The Sweetwater Candy Company would like to buy a new machine that would automatically dip chocolates. The dipping operation is currently done largely by hand. The machine the company is considering costs $180,000. The manufacturer estimates that the machine would be usable for five years but would require the replacement of several key parts at the end of the third year. These parts would cost $9,900, including installation. After five years, the machine could be sold for $5,000.

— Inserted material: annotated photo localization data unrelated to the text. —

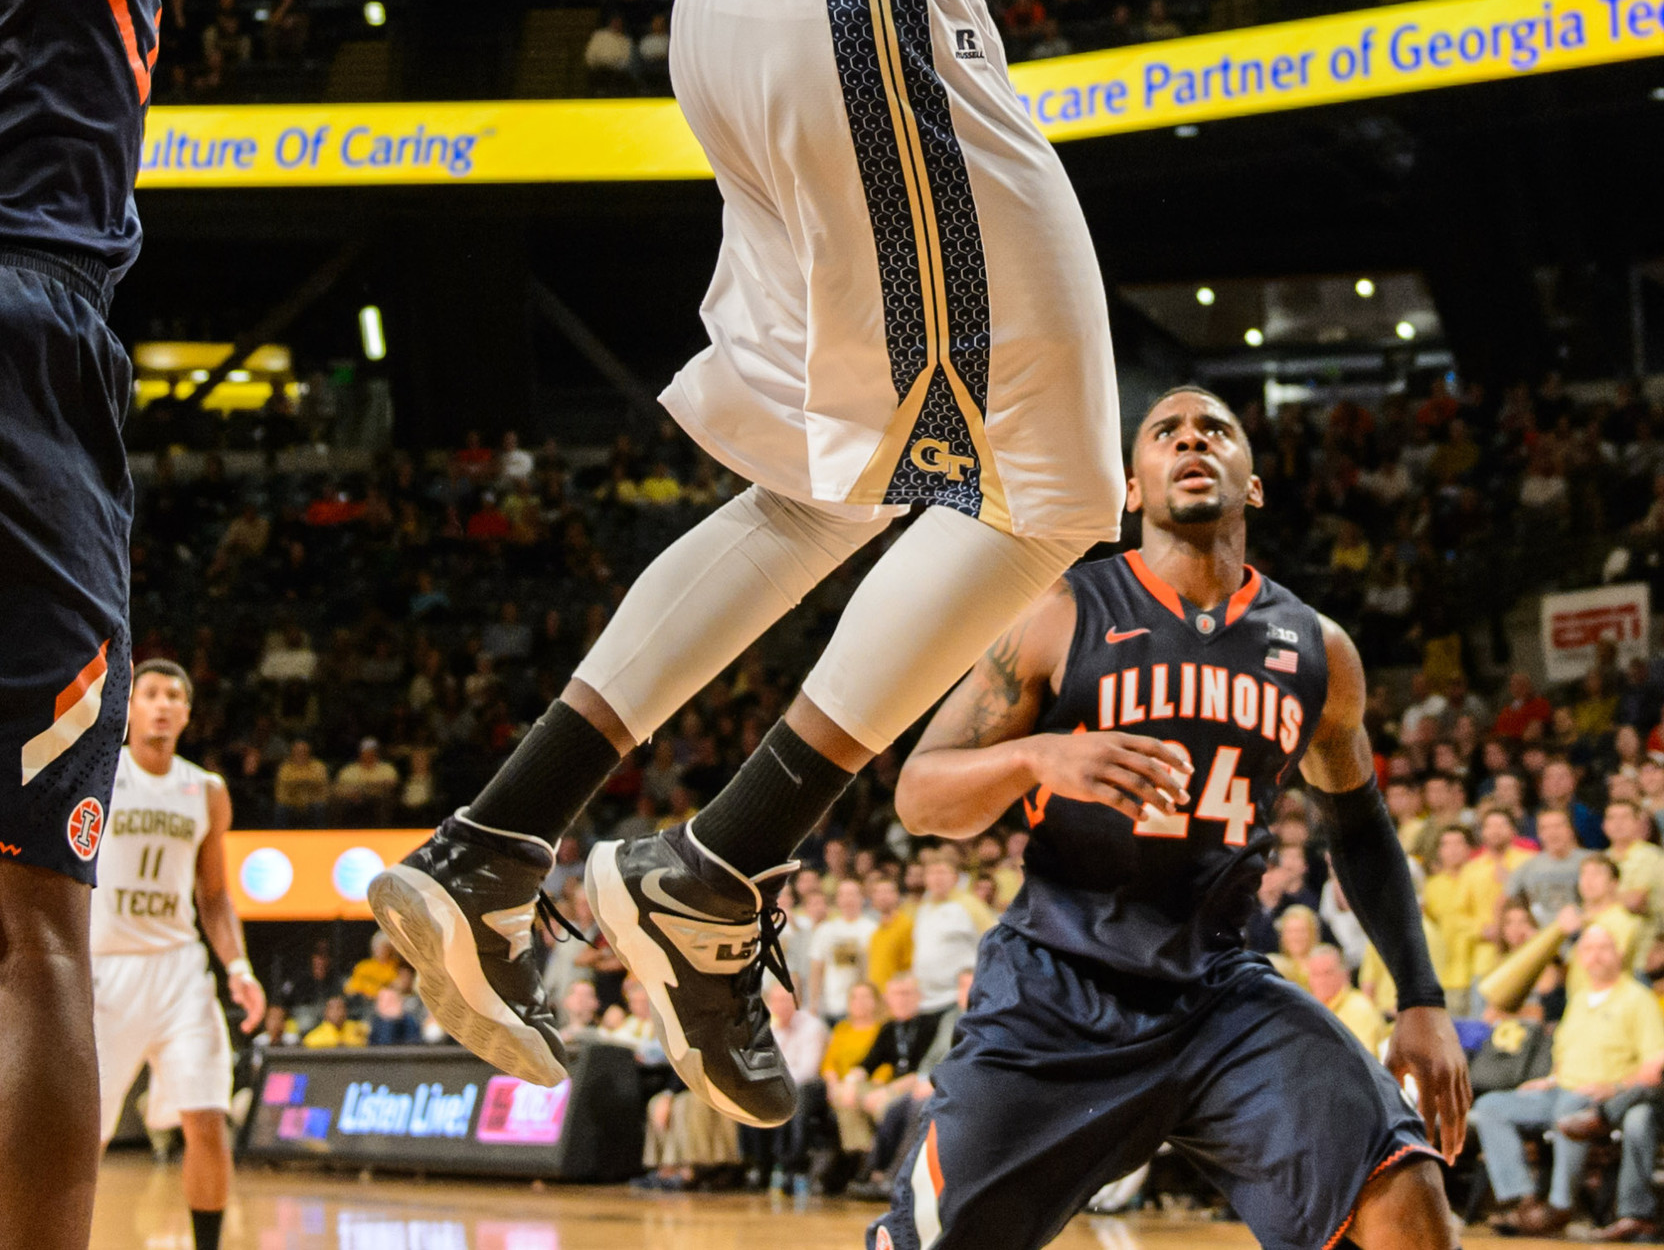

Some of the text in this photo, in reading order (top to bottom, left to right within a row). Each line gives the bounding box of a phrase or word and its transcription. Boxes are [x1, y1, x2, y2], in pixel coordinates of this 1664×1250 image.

[1143, 51, 1317, 109] Partner
[1329, 27, 1377, 82] of
[1390, 2, 1586, 71] Georgia
[275, 125, 331, 169] Of
[340, 124, 477, 177] Caring
[910, 437, 975, 482] GT
[1099, 662, 1304, 754] ILLINOIS
[111, 808, 196, 842] GEORGIA
[137, 843, 166, 881] 11
[114, 888, 179, 916] TECH
[338, 1082, 413, 1136] Listen
[408, 1082, 478, 1138] Live!

The company estimates that the cost to operate the machine will be $7,900 per year. The present method of dipping chocolates costs $39,000 per year. In addition to reducing costs, the new machine will increase production by 6,000 boxes of chocolates per year. The company realizes a contribution margin of $1.30 per box. A 15% rate of return is required on all investments.

Required:

1.What are the annual net cash inflows that will be provided by the new dipping machine? INSERTS NUMBERS IN BLANK SPOTS PLEASE

Reduction in annual operating costs

Operating costs, present hand method

Operating costs, new machine

Annual savings in operating costs

Increased annual contribution margin

Total annual net cash inflows

2.Compute the new machines net present value. (Any cash outflows should be indicated by a minus sign. Use the appropriate table to determine the discount factor(s) and final answers to the nearest whole dollar amount.)? INSERTS NUMBERS IN BLANK SPOTS PLEASE?